On October 19, 2020, to facilitate the establishment of businesses and as a COVID-19 imposed biosafety measure, the GRA simplified procedures by creating an online registration portal for companies (www.gue.gov.ao). The online portal will allow for faster registry of companies (taking only 30-60 minutes) and replace the publication of the company registry in the Gazette (Diário da República), a procedure that took more than five days. There is still the option to set up a company in person, which is estimated to also take as little as 30 minutes to an hour. The cost to establish a sole proprietorship is USD 16 dollars and USD 54 for partnerships, corporations, and other entities. Payments are also made electronically.
In April 2020, to simplify bureaucracy and in anticipation of the economic slowdown eventually caused by COVID-19, the GRA proposed revoking the procedure for issuing business licenses for all economic activities and requiring companies to carry out statistical registration in the act of incorporation. With the abolition of the Company License Document (a commercial permit) and Statistical Registration, to begin business activities, companies need to register their activity with the local administration office.
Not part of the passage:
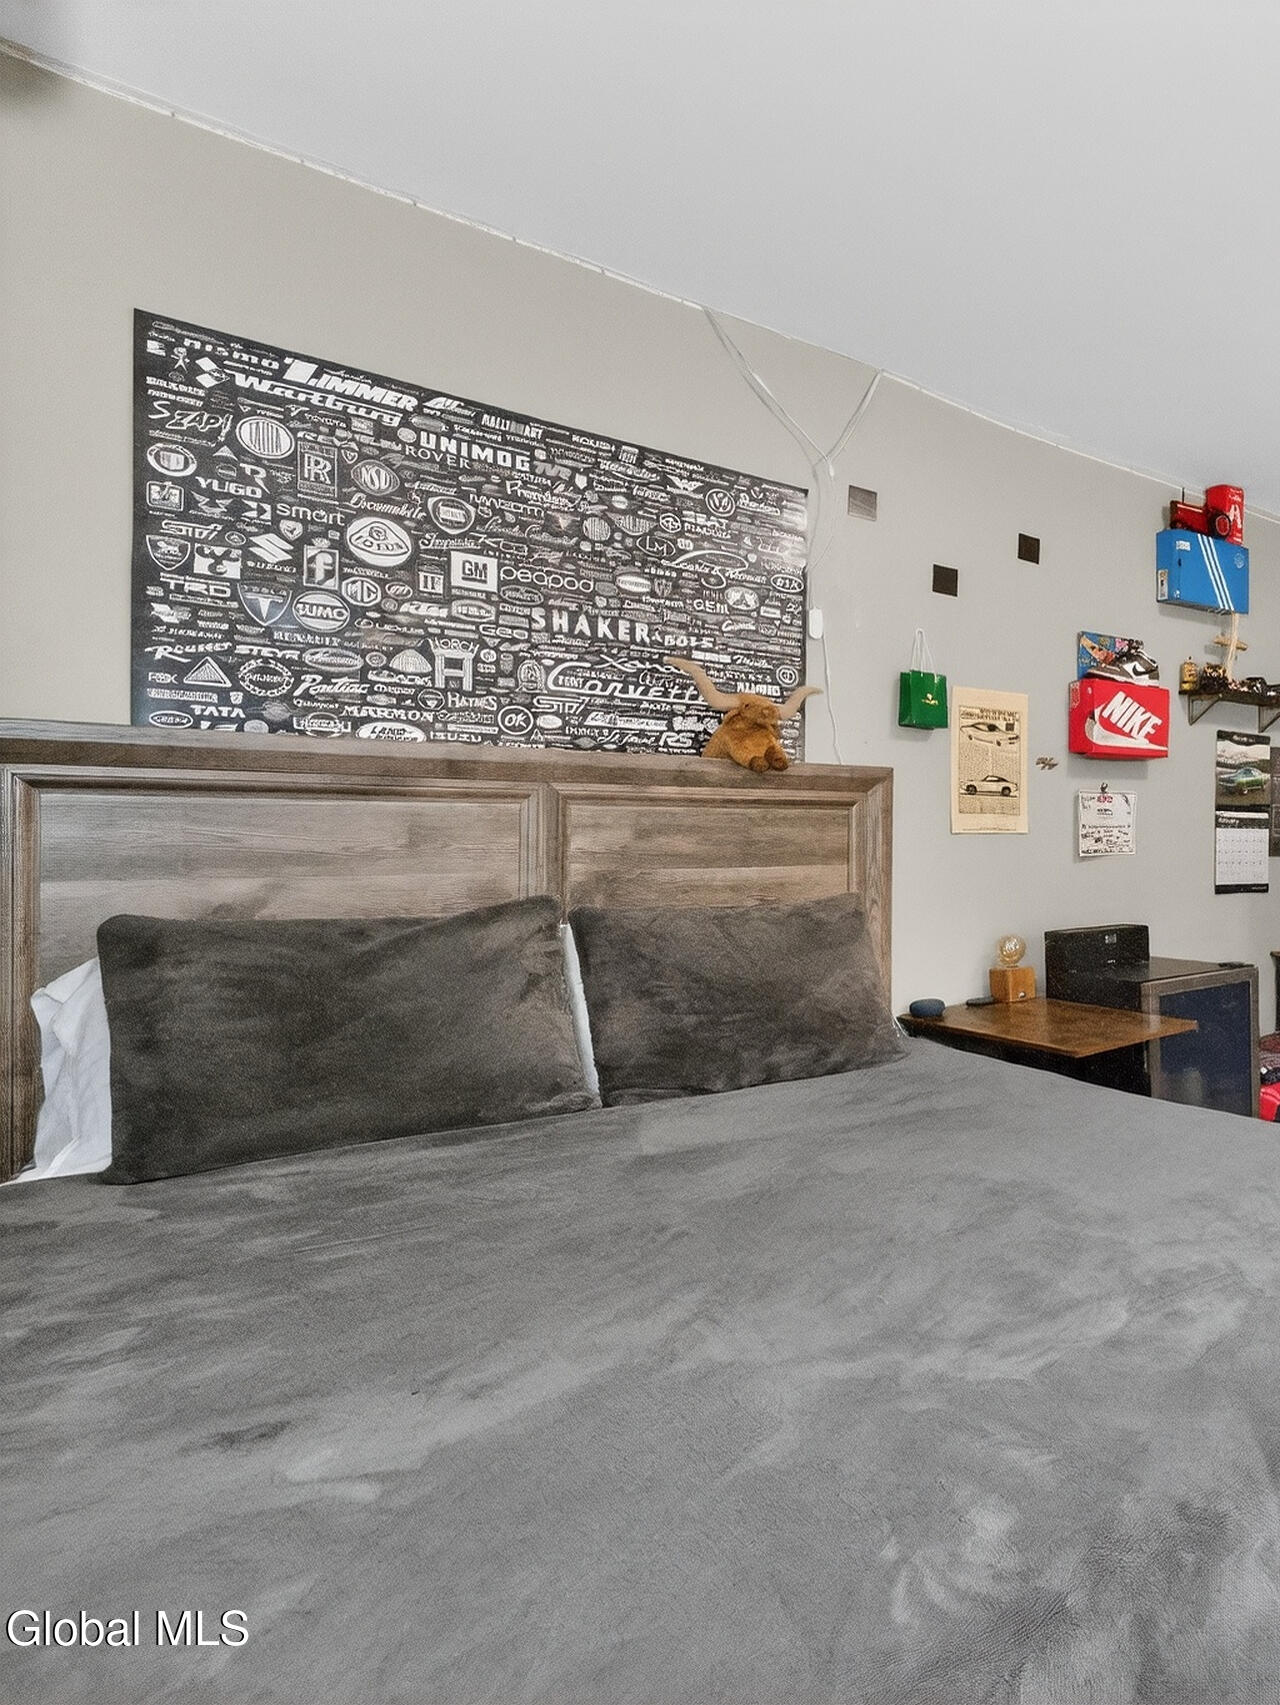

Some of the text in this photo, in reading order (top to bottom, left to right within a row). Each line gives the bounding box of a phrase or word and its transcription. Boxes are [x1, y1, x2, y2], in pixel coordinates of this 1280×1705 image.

The office will issue an electronic operating license. Some exclusions from this regime are foreseen, such as those related to the trade in foodstuffs, live plant species, animals, birds and fisheries, medicines, car sales, lubricants and chemicals. For these sectors, a physical license is still required as they are considered high risk economic activities which may affect human, animal, environmental and state safety.
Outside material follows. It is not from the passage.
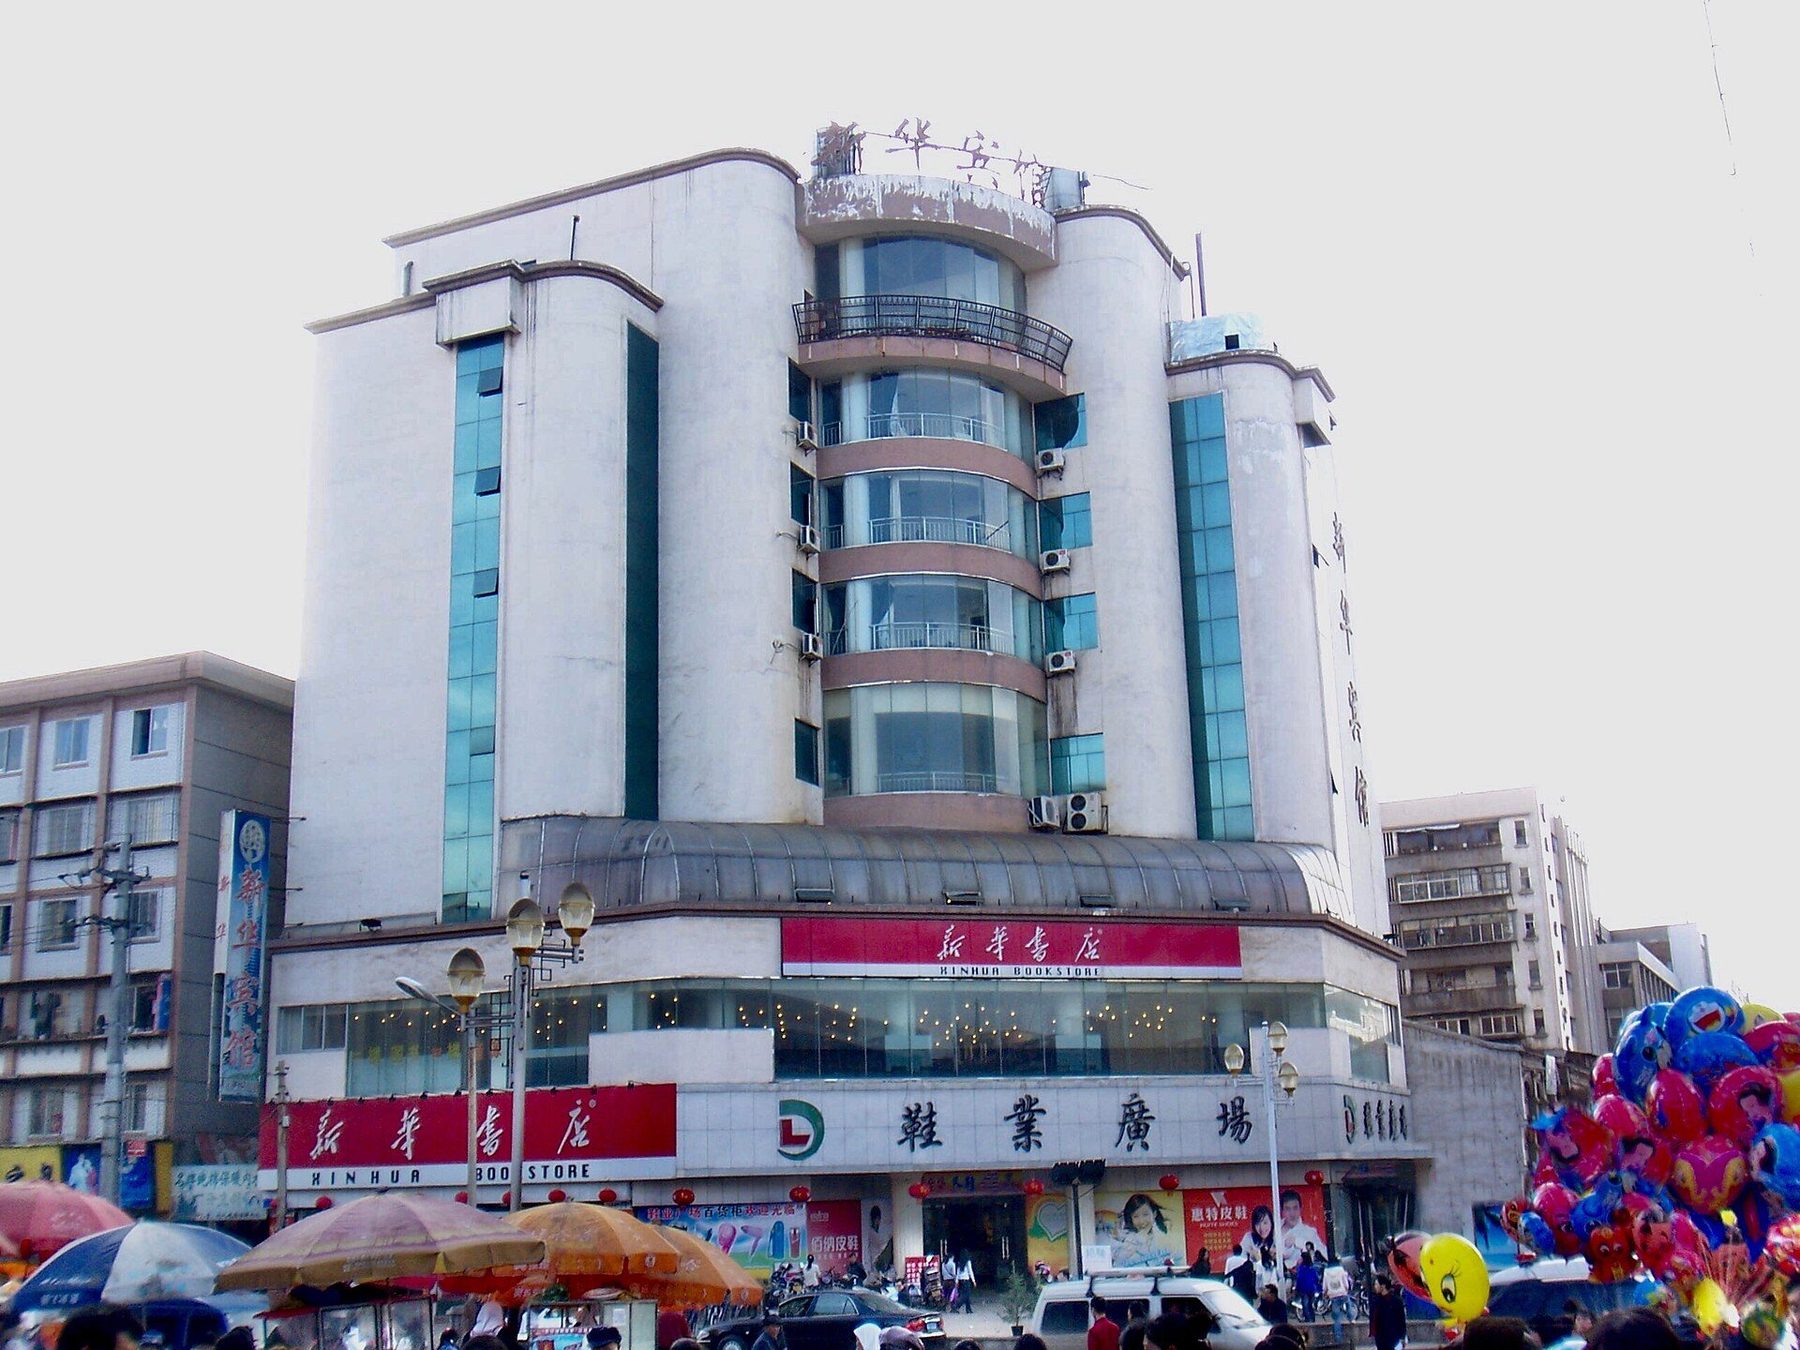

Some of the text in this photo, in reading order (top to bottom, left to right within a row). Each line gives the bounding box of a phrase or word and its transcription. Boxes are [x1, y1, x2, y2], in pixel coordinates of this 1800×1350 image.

[939, 966, 1101, 977] XINHUA BOOKSTORE
[312, 1163, 590, 1186] XINHUA BOOSTORE
[1191, 1205, 1248, 1222] 惠特皮鞋
The state-run private investment and export promotion agency’s website is http://www.aipex.gov.ao/PortalAIPEX/#!/ . Contact Information: Departamento de Promoção e Captação do Investimento; Agencia de Investimento Privado e Promoção de Investimentos e Exportações de Angola (AIPEX). Rua Kwamme Nkrumah No.8, Maianga, Luanda, Angola Tel: (+244) 995 28 95 92| 222 33 12 52 Fax: (+244) 222 39 33 81.
The Angolan Government does not promote or incentivize outward investment, nor does it restrict Angolans from investing abroad. Investors are free to invest in any foreign jurisdiction. According to data from the BNA, in 2018, the government did not invest abroad but received returns on previous investments abroad.
Domestic investors prefer to invest in Portuguese-speaking countries, with few investing in neighboring countries in Sub-Saharan Africa. The bulk of investment is in real estate, fashion, fashion accessories, and domestic goods. Due to foreign exchange constraints, there has been very little or no investment abroad by domestic investors. Although investing in real estate is cheaper abroad, a few invest in real estate domestically. The average Angolan invests in affordable investments with quick returns.